If it also seems that these are precariously high levels of pretension, then be thankful for duo Matmos, whose eclectic, sample-based electronica has a home on popular indie label Matador, and who share the same easygoing, upbeat outlook on dance music as artists such as Daedalus, Matthew Herbert and Four Tet. Matmos band member MC Schmidt describes his experience of working with Kronos in less effusive terms than Harrington is prone to.

‘My thought was “OK, these are master bowers-of-things”. So we brought them a lot of crazy things to bow, among them a toilet seat, a rack for a deep fat fryer, bells … and I have to tell you that I don’t think this idea appealed to them very much. They sort of whacked on them with their bows – when you’re the guy from Matmos, you just don’t know that not everyone understands that when you apply a violin bow to a deep fat fryer rack that you can actually get lovely sonorous sounds out of it, but apparently if you’re a master violin player you look at a deep fat fryer and you think “deep fat fryer”.’

A fence and a fryer are, then, very different beasts. But, leaving aside questions of what can and cannot be bowed, Schmidt shares Harrington’s same fascination with one of the key concepts of the weekend: repetition. Specifically, how it is that music that is echoic and minimal can also be lively and appealing? Harrington explains, ‘whether it’s music that you might hear on the radio, or whether it’s music that you would hear in commercials on television, there are certain ways of repeating things that reinforce or that comfort or lull in some cases, and composers and musicians, probably forever, have used various forms of repetition.
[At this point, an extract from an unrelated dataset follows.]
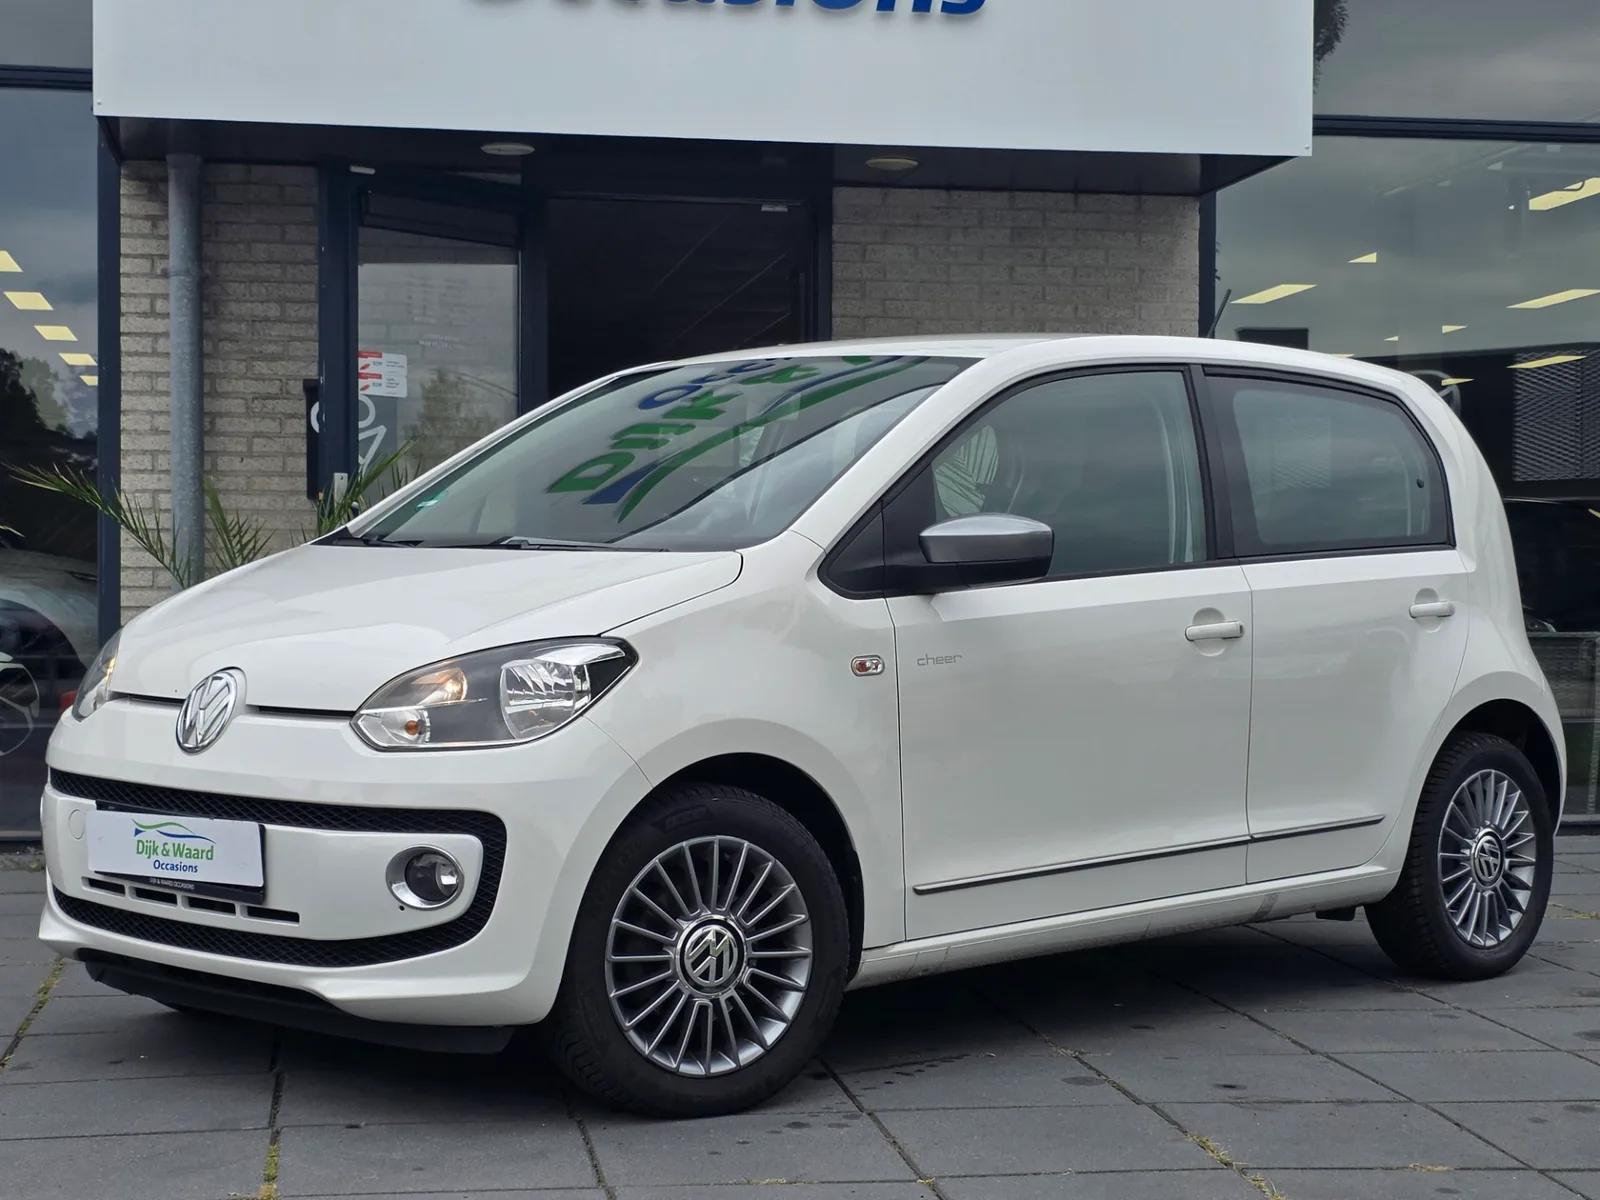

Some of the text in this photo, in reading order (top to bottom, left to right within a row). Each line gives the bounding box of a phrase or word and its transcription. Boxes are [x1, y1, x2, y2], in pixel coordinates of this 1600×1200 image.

[916, 653, 963, 667] cheer
[137, 840, 214, 860] Dijk & Waard
[153, 860, 198, 873] Occasions
I mean, the opening of WTC 9/11 for example, it’s [the sound of] a phone that is off the hook and it’s bleeping in a rhythmic way.’
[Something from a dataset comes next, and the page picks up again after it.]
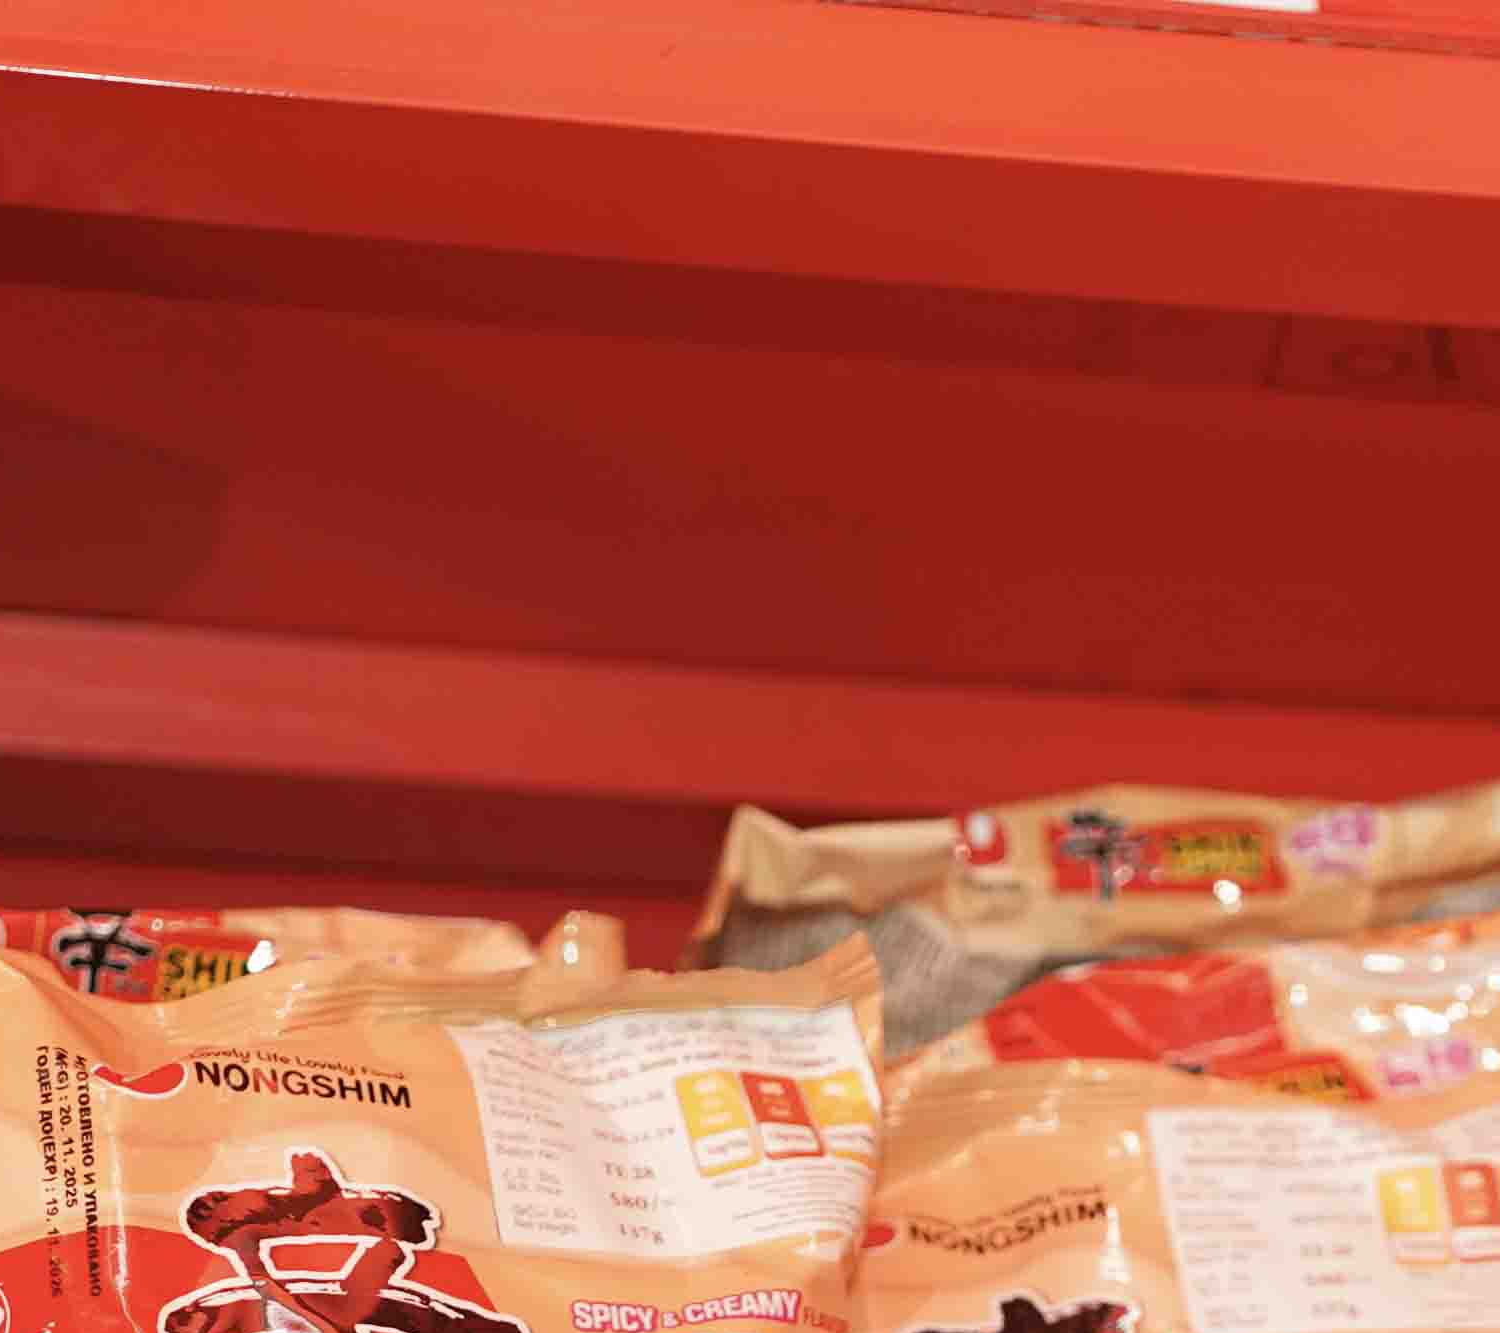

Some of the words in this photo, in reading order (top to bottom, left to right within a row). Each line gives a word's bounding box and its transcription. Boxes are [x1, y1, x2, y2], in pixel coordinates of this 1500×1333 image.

Schmidt, another Reich admirer, also has a take on this idea. ‘I discovered Steve Reich’s music more as a stoner. Like, “Uh this is trippy to listen to” … and it was a revelation for me when I read about him saying that in fact it’s to pay more attention … [repetition] is to highlight the differences in things, not to forget about the differences in them. You repeat things so that when something changes it throws it into a starker contrast. That was amazing to me. It was also a, sort of, “snap out of it you lazy stoner’’ moment.
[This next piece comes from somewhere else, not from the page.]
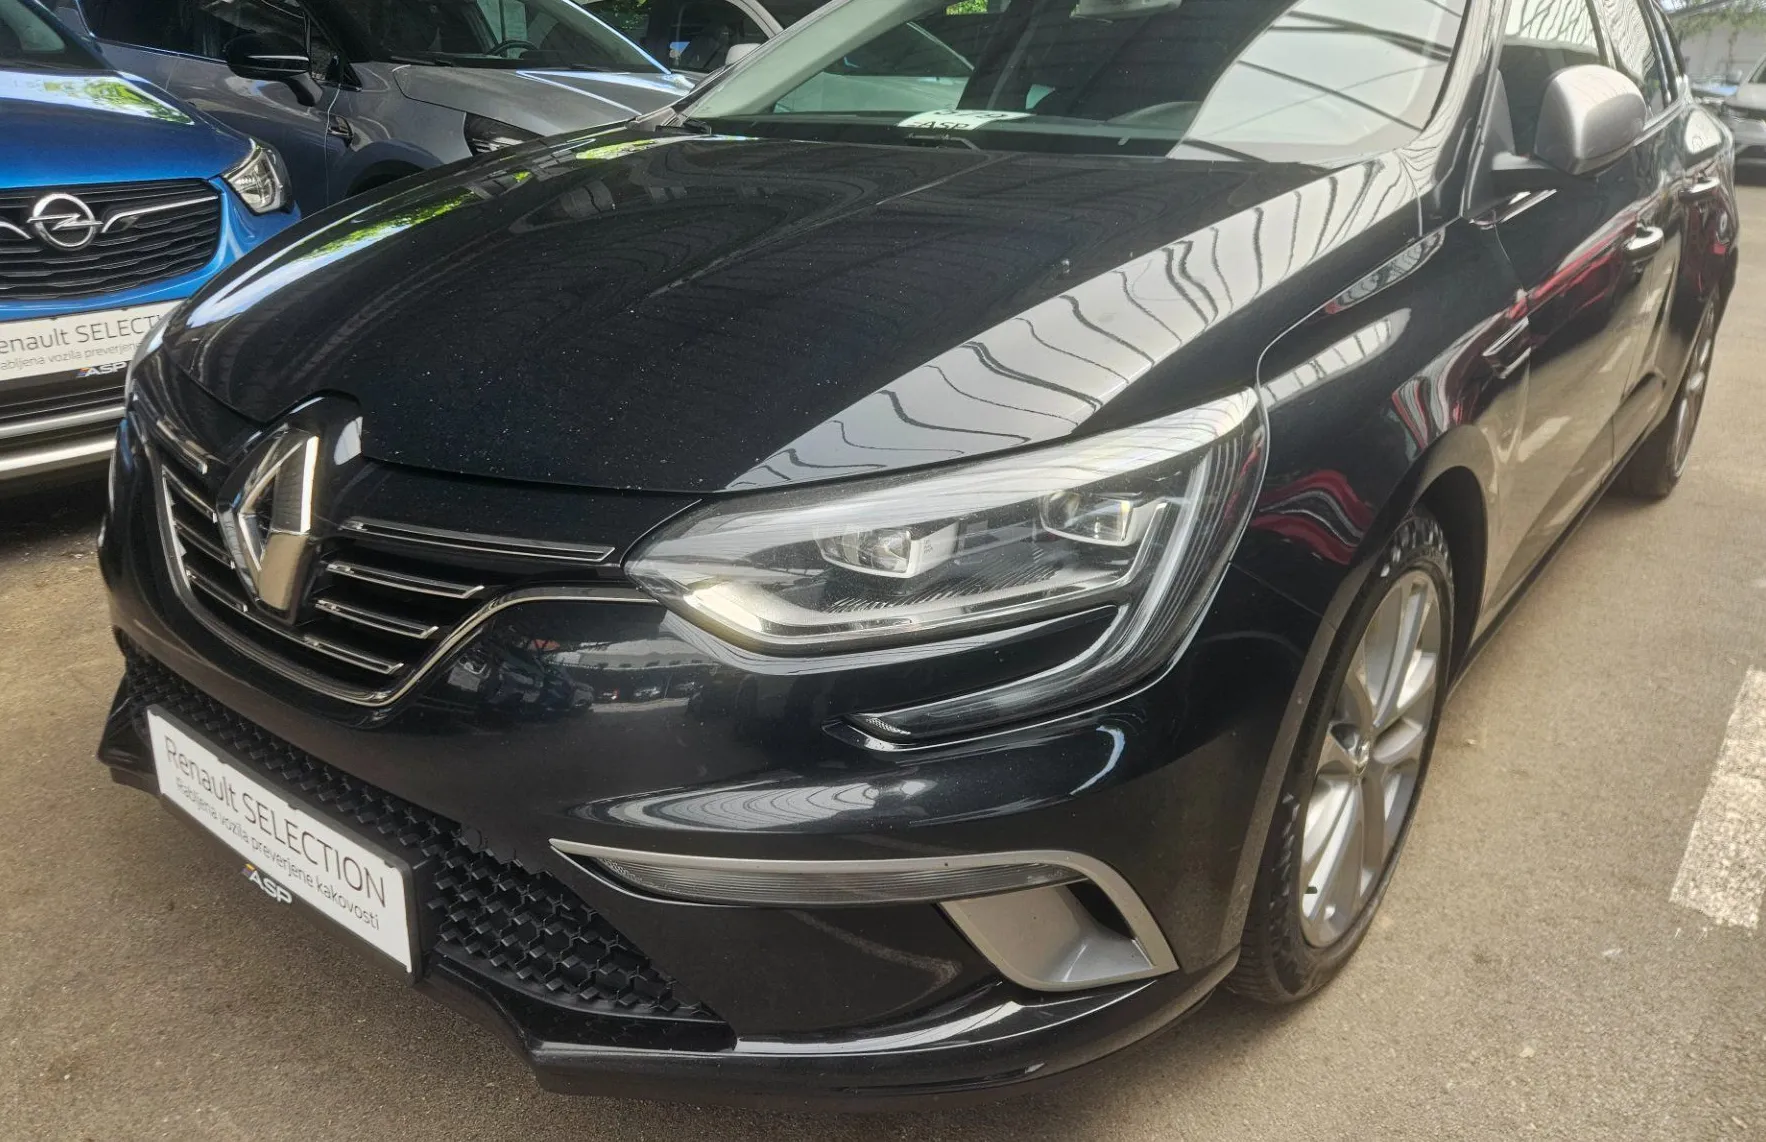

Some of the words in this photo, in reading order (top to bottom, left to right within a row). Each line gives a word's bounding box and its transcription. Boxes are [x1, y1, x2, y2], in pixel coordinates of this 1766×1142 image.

Various venues, Glasgow, Thu 12-Sun 15 May, concerts priced individually (£10-£17.50).

Kronos in Glasgow: Highlights

Resonance at Hamilton Mausoleum
Hand-picked as a venue by Kronos’ David Harrington as it has the ‘longest natural reverb of any place in the world’, this special event will include performances from Ritva Koistinen, Catriona McKay, Tanya Tagaq and Alim Qasimov. Tickets will be given away for free via a golden ticket lottery that anyone with a ticket to any other Kronos in Glasgow event will be eligible to enter.
Hamilton Mausoleum, Fri 13 May, 5pm. Call the Concert Halls box office on 0141 353 8000 to register your interest.

Opening concert
Featuring the National Youth Choir of Scotland joining forces with Kronos Quartet, as well as the Scottish premiere of Steve Reich’s WTC 9/11 and a performance of Jon Rose’s Music from 4 Fences to close.
Royal Concert Hall, Main Auditorium, Fri 13 May, 8pm.

Matmos and Tanya Tagaq
A later and livelier performance, with electronic act Matmos and throat singer Tanya Tagaq leading Kronos in some unusual directions. ‘Inuit throat-singing is normally done between two women,’ Harrington explains about Tagaq. ‘But Tanya sounds like more than one person all by herself.’
Old Fruitmarket, Sat 14 May, 11pm.

Play-Along with Dr Craig Woodson
Woodson, a Cleveland percussion teacher and ‘serious ethnomusicologist’, will lead a kid-friendly music-making workshop. Says Harrington: ‘Craig delights in teaching people that basically any object can become a musical object, you don’t have to have a lot of money to be involved in making sounds.’
Royal Concert Hall, Main Auditorium, Sun 15 May, 3pm.

Closing concert
Kronos will be joined by Wu Man, a pipa (Chinese lute) player, for a performance of Terry Riley’s The Cusp of Magic, a composition inspired by Harrington’s granddaughter’s toys. ‘Basically I invited Terry to come over to our house and play Emily’s instruments with me and he recorded a lot of the toys and they became central elements in one of the movements.’
Royal Concert Hall, Main Auditorium, Sun 15 May, 7pm.